On February 4, 2022, $320m worth of Ether got stolen.
Initially, the operators of Wormhole
Did not have any idea how the attack occurred
Offered $10m for the hackers to return the $320m in return for the money
Ultimately, Jump Crypto jumped in and replaced the missing funds, making the impacted parties whole again.
@samczsun describes the vulnerability in his Twitter post the sequence of steps that were taken by the hacker to avoid the signature validation: the address of the signature verification function passed in was not verified allowing the hacker to bypass signature verification completely. The exploit:
The Hackers created their own version of the signature check
They created their own account with this dummy signature check
Passed this account to the signature check caller
The Wormhole code ultimately failed because it didn't validate all inputs.

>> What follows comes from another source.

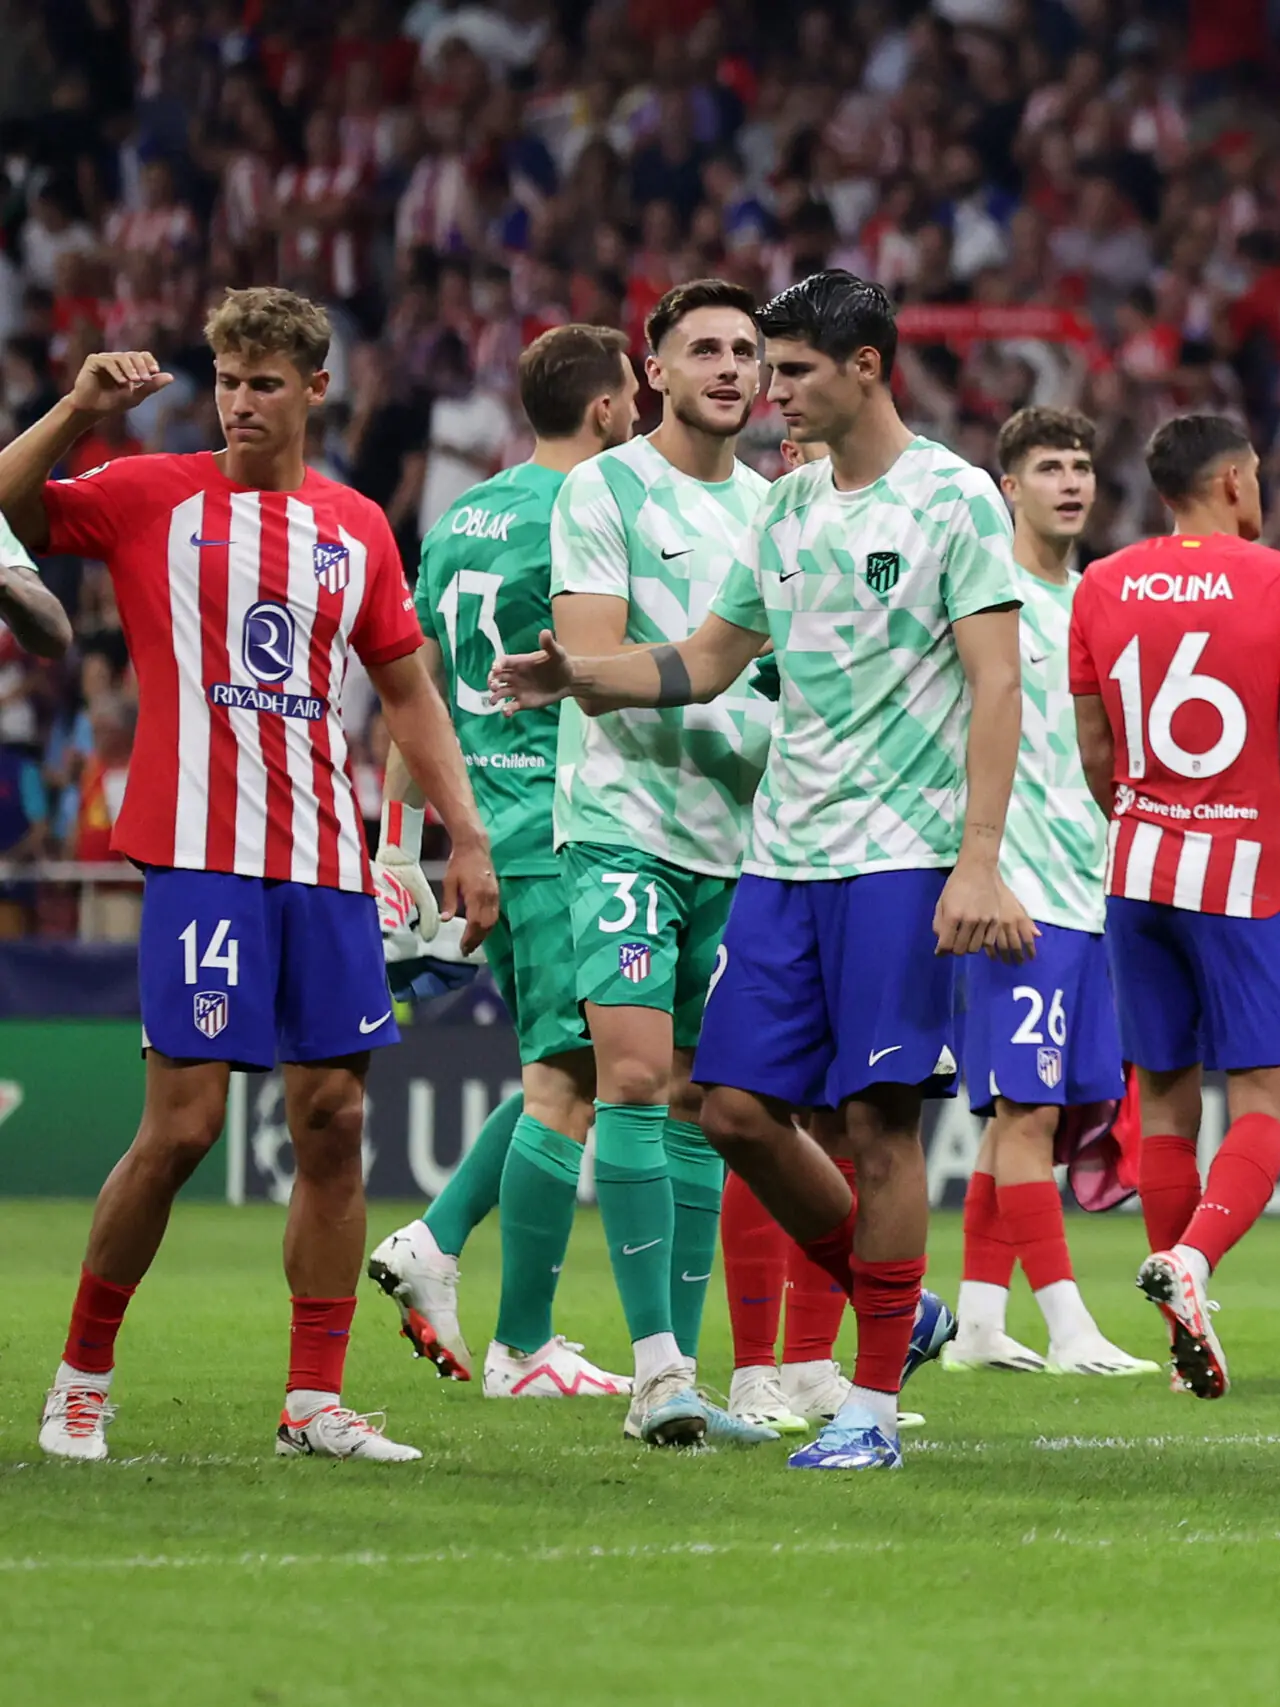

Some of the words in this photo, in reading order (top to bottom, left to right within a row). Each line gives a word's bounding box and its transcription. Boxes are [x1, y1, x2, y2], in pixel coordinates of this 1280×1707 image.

How the hackers discovered the vulnerability
It seems that developers at Wormhole had already found the issue and created the fix. However, the fix had not been deployed. The hackers discovered the code patches and moved in quickly before the patch could be deployed.
There are several takeaways:
When you make a fix, don't give hackers advance warning. For example, if you notice a flawed server configuration, take it down immediately, fix it (re-image it really), and then deploy it.
Cryptocurrency has very few technological oversights over the entire operational state. Banks have built in many checks and balancing mechanisms over the years to make sure the system has adequate oversight
There are very few standards that can be used to enforce DeFi systems are enforcing the best of breed oversight
Digital Wallets, blockchain bridges, store fronts that accept digital currency, etc. all have similar problems: no Overledger protection.